Albert et Delphine: Retour sur une longue et douloureuse saga

Ce jeudi, Delphine Boël a été officiellement reconnue princesse de Belgique, fille légitime d'Albert II. Cette reconnaissance met fin à un combat judiciaire qui a secoué la royauté belge durant plus de sept ans.

Delphine Boël, en décembre 2019 - BELGA PHOTO DIRK WAEM

Nous sommes en octobre 1999. La publication d’un livre sur la reine Paolo provoque une tempête médiatique: le jeune auteur Mario Danneels y fait allusion à une relation extra-conjugale du prince Albert dans les années 60, de laquelle serait née une fille. Son nom? Delphine Boël. À Londres, où elle vit avec sa mère la baronne Sybille de Sélys Longchamps depuis son enfance, l’artiste, âgée alors de 31 ans, voit sa vie basculer de l’anonymat à la lumière. Dans un premier temps, elle est enthousiaste à l’idée de « ne plus devoir vivre dans le secret », mais déchante rapidement face « aux inconvénients de la situation ». « Je ne suis pas devenue célèbre parce que j’étais une star de la musique pop. Je suis devenue célèbre parce que j’étais en quelque sorte le linge sale du roi Albert II », expliqua-t-elle plus tard, lors d’une exposition de ses oeuvres à Knokke.

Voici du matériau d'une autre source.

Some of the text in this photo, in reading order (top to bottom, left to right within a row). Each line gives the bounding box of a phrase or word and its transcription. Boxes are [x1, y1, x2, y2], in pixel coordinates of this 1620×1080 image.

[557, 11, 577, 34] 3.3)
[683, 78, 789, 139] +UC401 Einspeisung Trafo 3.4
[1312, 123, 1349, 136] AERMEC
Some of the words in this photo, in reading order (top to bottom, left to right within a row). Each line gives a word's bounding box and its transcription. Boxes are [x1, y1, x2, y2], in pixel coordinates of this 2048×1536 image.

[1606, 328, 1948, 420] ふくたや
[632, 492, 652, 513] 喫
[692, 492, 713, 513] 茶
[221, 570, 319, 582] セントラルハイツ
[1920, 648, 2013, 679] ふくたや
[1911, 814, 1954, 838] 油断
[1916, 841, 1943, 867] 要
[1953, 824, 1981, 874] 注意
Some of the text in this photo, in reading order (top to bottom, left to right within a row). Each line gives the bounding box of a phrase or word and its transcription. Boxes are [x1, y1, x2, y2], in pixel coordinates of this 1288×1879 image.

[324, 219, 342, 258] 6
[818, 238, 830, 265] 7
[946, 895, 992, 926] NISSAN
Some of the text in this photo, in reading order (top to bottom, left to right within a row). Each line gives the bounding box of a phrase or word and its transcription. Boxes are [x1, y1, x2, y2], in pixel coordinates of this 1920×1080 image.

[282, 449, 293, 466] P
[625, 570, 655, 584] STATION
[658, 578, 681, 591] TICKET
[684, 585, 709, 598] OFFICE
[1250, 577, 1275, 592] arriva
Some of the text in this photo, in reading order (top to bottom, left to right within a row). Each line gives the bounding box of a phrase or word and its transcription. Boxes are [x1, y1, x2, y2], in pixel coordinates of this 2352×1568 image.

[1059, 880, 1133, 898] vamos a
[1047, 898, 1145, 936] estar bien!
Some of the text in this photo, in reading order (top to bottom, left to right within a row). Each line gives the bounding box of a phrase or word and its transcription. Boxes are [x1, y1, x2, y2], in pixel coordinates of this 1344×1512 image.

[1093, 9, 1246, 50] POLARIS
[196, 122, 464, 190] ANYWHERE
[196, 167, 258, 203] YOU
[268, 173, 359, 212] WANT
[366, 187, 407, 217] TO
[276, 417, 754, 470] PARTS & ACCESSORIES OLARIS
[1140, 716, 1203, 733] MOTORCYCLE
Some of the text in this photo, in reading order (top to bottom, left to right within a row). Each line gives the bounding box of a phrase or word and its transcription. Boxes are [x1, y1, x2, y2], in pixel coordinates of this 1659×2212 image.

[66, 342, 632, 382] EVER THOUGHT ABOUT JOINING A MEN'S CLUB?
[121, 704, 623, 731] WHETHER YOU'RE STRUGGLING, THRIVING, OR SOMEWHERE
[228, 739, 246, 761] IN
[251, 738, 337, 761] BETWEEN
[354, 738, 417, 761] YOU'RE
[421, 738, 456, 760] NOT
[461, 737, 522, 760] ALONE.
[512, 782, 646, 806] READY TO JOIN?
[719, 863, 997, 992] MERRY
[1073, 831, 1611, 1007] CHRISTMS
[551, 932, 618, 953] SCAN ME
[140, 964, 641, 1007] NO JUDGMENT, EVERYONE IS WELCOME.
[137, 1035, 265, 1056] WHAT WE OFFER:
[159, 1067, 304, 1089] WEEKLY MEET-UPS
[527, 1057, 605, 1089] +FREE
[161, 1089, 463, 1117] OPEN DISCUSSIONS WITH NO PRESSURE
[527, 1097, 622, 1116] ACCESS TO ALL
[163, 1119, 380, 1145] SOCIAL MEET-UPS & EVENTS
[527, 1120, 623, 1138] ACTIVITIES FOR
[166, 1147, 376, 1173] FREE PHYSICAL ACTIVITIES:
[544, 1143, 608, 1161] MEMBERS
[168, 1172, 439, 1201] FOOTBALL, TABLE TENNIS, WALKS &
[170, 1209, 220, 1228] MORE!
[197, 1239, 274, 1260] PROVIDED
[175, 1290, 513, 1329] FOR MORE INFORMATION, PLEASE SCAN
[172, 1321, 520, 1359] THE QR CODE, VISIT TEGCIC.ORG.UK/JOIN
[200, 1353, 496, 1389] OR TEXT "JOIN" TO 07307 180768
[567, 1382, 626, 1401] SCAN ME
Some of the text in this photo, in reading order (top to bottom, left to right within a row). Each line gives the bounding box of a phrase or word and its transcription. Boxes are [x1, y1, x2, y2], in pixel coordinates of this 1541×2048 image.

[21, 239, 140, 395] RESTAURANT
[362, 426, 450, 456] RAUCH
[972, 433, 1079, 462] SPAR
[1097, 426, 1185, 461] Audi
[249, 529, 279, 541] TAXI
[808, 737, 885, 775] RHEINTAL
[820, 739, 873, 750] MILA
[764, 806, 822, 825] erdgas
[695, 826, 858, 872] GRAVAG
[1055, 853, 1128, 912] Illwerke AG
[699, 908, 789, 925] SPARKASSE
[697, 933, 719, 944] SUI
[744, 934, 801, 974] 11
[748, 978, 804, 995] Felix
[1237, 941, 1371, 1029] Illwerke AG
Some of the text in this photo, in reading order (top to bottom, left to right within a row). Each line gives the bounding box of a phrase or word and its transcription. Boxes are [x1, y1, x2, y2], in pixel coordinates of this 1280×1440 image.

Une lutte juridique datant de 2013

Pendant ce temps-là, le roi nie en bloc. Après une tentative de conciliation qui échoue, Delphine Boël veut rétablir la vérité et entame une double procédure judiciaire en 2013: en contestation de paternité, contre Jacques Boël, et en reconnaissance de paternité, envers Albert II. Une longue bataille juridique semble engagée. Dans l’intervalle, la presse multiplie les révélations. Quatre ans plus tard, en première instance, le tribunal juge que Jacques Boël est bien le père légal de Delphine, compte tenu du fait qu’ils se sont comportés en père et fille durant des années. Mais en appel, la Cour décrète au contraire, en octobre 2018, qu’il n’est pas le père de Delphine – test ADN à l’appui – et qu’Albert doit soumettre à une analyse génétique. Ce que l’ancien souverain refuse catégoriquement. Ses avocats introduisent un pourvoi en cassation en février.

Delphine Boël

Delphine Boël pose à côté de ses oeuvres, lors d’une exposition à Knokke – BELGA PHOTO JAMES ARTHUR GEKIERE

Un test ADN tant attendu

Contraint et forcé, Albert II se soumet finalement au test ADN le 28 mai 2019. Le 13 décembre, la Cour de Cassation rejette les derniers pourvois du roi. Les résultats, qui devaient rester confidentiels jusqu’à la fin de la procédure en cassation, peuvent enfin être dévoilés. Le 27 janvier 2020, le roi l’annonce lui-même: il est bien le père biologique de Delphine Boël. Dans son communiqué, sa majesté affirme avoir décidé « de mettre un terme dans l’honneur et la dignité à cette procédure pénible », et regrette qu’elle n’ait « pas respecté la vie privée des parties ». Pour Delphine Boël, c’est un « soulagement », même si « rien ne pansera » sa « blessure affective ».  

Delphine de Saxe-Cobourg-Gotha

Dernière étape dans sa quête de vérité et de reconnaissance: être une enfant légitime, au même titre que les autres. Pour cela, une dernière audience devant la cour d’appel de Bruxelles a eu lieu le 10 septembre dernier. Après sept années de bataille judiciaire, le verdict est tombé ce jeudi. Delphine Boël est officiellement princesse de Belgique. À 52 ans, l’artiste change donc de nom et s’appelle désormais Delphine de Saxe-Cobourg-Gotha.

« Elle se réjouit de cette décision de justice qui met fin à une longue procédure particulièrement douloureuse pour elle et sa famille », ont réagi ses avocats. « Une victoire judiciaire ne remplacera jamais l’amour d’un père mais offre un sentiment de justice, renforcé encore par le fait que nombre d’enfants qui ont traversé les mêmes épreuves pourront y trouver la force de les affronter. » Les enfants de l’artiste, Joséphine et Oscar, deviennent, eux aussi, princesse et prince de Belgique. Leur patronyme sera précédé de SAR ou « Son Altesse Royale ». Bien qu’elle cherchait avant tout « une reconnaissance affective », Delphine pourra bénéficier d’une partie de l’héritage de son père. En revanche, elle ne pourra pas recevoir d’argent de l’Etat ou entrer dans l’ordre de succession. La fille légitime d’Albert II s’exprimera sur cette longue affaire, en présence de ses avocats, ce lundi 5 octobre.